At 6:00, Lightoller became officer of the watch, relieving Wilde. Murdoch returned at 7:05 p.m., and took the watch for a half-hour so that Lightoller could have his own dinner. Lightoller returned from dinner to resume his watch. Murdoch remarked to him that the temperature had dropped another four degrees. Murdoch departed the bridge. At 9:00, Captain Smith conferred with Lightoller on the bridge, and they agreed that they should be able to see an iceberg with plenty of time to avoid it. Smith left the bridge, saying, "If it becomes at all doubtful, let me know...". Lightoller asked Moody to use the telephone to call up the lookouts in the Crow's Nest; he wanted to have them "keep a sharp lookout for ice, particularly small ice and growlers", and to "pass that word on until daylight", as each successive shift took its turn on duty. Moody picked up the phone to the Nest in the wheelhouse and Lightoller overheard him say, "Keep a sharp look out for ice, particularly small ice.", before hanging up. Lightoller noted that Moody's order differed somewhat from the wording that he had specified, as Moody had not mentioned "growlers". He thought the detail was important enough to have Moody call the lookouts again, and to clarify that they should keep a sharp lookout for "small ice and growlers". Moody carried the order out, ringing the crow's nest a second time and conveying the order more precisely.

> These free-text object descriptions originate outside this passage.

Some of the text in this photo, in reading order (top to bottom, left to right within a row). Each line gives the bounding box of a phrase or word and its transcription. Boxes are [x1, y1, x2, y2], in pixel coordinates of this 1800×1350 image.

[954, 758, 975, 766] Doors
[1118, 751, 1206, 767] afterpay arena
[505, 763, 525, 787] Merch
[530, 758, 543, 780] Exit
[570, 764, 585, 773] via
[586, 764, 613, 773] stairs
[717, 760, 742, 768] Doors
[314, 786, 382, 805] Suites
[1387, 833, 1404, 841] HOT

He then ordered the quartermaster, Robert Hichens, to check the ship's fresh water supply for signs of freezing below the waterline, signs which, if present, would indicate the ship was entering dangerous ice. Lightoller commanded the last bridge watch prior to the ship's collision with the iceberg, after which Murdoch relieved him at 10:00 p.m.; Lightoller conveyed to Murdoch the ship's course and the ice field that they were approaching, and that they expected to be in the vicinity of the ice somewhere around 11:00. Lightoller wished Murdoch "joy of his Watch" and departed the bridge.

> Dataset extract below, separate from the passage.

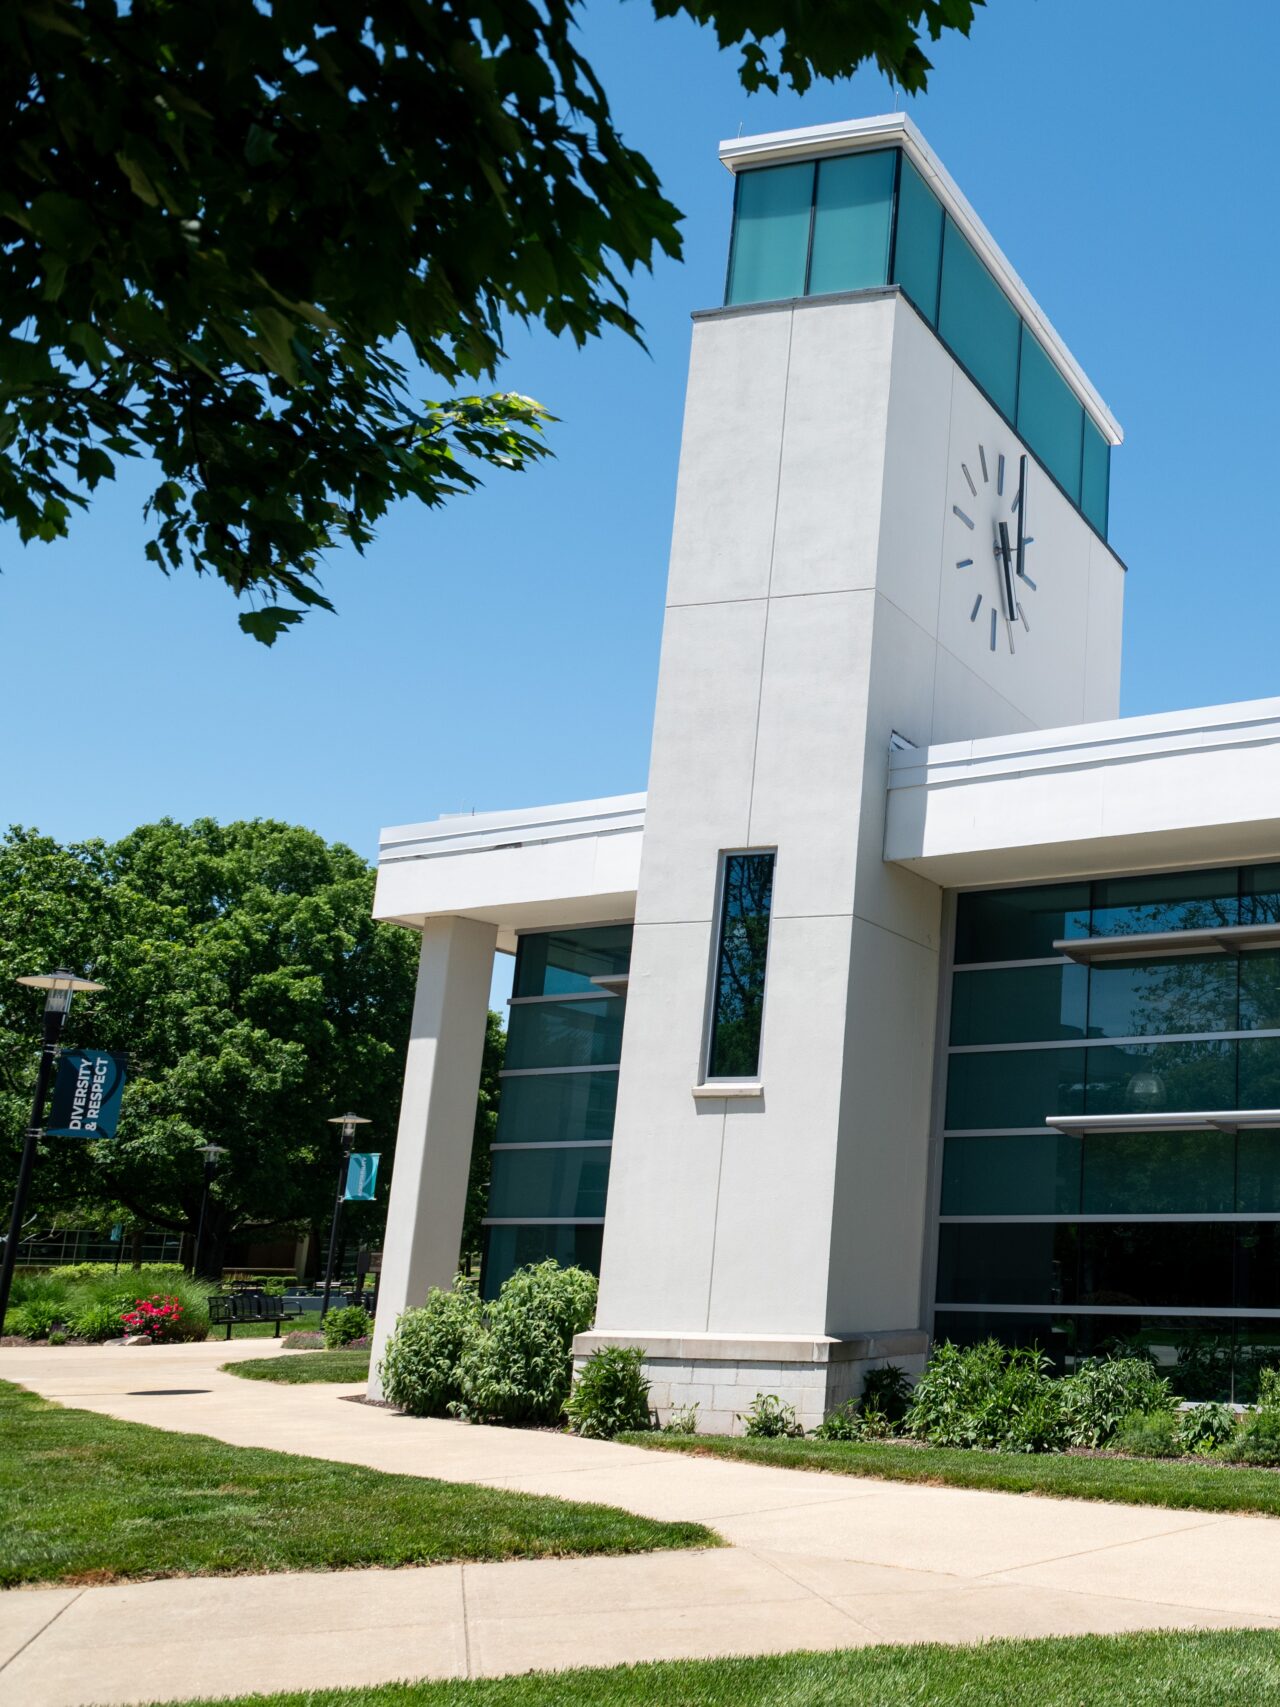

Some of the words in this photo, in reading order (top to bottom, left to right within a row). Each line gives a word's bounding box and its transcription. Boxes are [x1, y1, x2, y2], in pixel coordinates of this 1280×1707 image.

[68, 1058, 93, 1130] DIVERSITY
[86, 1057, 109, 1119] RESPECT
[84, 1121, 97, 1131] &

===Collision and port-side evacuation===
Lightoller was in bed and awake when he felt the collision. Although he felt it had something to do with ice, he continued to lay in his berth, then felt the engines stop. Wearing only his pyjamas, Lightoller hurried out on deck to investigate, and conferred with Pitman – who was awakened by it and came out of his own cabin – on what happened. He retired back to his cabin; deciding it would be better to remain where other officers knew where to find him if needed, he lay awake in his bunk until fourth officer Joseph Boxhall arrived and remarked, "You know we have struck an iceberg." Lightoller responded, "I know we have struck something." Boxhall told him that the mail room was flooding, and Lightoller found the information enough to move him to act. Lightoller did not conclude that the ship would actually founder. He pulled on trousers, and a navy-blue sweater over his pyjamas, and donned his officer's overcoat and cap.

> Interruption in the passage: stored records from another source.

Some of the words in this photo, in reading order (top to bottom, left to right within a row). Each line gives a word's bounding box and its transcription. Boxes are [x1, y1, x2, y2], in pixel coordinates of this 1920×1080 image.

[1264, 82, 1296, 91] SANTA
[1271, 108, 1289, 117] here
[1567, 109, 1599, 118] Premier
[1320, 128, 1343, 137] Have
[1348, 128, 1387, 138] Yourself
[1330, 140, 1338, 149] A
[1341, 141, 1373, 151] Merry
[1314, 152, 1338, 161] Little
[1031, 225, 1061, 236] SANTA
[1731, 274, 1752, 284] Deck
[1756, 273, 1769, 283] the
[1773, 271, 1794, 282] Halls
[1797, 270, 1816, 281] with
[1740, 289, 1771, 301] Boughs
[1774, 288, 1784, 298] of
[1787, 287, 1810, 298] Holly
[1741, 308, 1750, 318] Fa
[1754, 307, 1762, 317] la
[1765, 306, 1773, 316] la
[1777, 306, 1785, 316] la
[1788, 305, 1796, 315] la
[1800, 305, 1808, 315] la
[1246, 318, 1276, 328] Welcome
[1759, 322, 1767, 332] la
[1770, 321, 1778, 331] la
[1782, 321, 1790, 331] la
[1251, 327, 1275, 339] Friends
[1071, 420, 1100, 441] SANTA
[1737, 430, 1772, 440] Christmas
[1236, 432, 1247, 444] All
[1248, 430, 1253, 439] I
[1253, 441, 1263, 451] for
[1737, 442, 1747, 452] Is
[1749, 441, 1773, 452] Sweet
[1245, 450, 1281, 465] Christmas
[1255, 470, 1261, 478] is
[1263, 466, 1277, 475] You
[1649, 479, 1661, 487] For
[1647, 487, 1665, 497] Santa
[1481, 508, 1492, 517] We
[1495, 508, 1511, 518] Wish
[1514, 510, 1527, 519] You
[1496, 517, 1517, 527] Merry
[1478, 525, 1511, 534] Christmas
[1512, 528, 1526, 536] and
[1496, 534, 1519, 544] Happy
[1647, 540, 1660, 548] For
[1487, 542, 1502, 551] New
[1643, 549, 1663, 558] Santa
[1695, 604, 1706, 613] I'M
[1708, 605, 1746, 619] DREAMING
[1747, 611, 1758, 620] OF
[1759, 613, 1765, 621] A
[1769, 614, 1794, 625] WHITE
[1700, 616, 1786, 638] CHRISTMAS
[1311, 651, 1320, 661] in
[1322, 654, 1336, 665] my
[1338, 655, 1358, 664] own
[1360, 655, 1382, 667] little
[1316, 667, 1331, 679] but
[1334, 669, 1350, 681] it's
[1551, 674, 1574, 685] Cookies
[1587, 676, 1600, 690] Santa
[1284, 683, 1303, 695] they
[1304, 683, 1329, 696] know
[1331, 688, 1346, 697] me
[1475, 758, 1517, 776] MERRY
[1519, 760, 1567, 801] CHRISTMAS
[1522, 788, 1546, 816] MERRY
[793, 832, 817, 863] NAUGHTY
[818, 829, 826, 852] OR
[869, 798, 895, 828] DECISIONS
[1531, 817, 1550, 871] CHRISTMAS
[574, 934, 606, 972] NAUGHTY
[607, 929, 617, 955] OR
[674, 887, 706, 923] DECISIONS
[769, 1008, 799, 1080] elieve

When Lightoller emerged onto the boat deck, he found that the noise of escaping steam made it very difficult to communicate with anyone. During the evacuation, Lightoller took charge of lowering the lifeboats on the port side of the boat deck. He helped to fill several lifeboats with passengers and launched them. Lightoller interpreted Smith's order for "the evacuation of women and children" as essentially "women and children only", rather than "women and children first". As a result, Lightoller lowered lifeboats with empty seats if there were no women and children waiting to board, meaning to fill them to capacity once they had reached the water. Major Arthur Peuchen has the distinction of being the only adult male passenger whom Lightoller allowed into the boats on the port side evacuation (Peuchen assisted on board Lifeboat No. 6), due to his experience as a yachtsman and offer of assistance when there were few seamen available from the Titanics own complement to help command one of the lowering lifeboats.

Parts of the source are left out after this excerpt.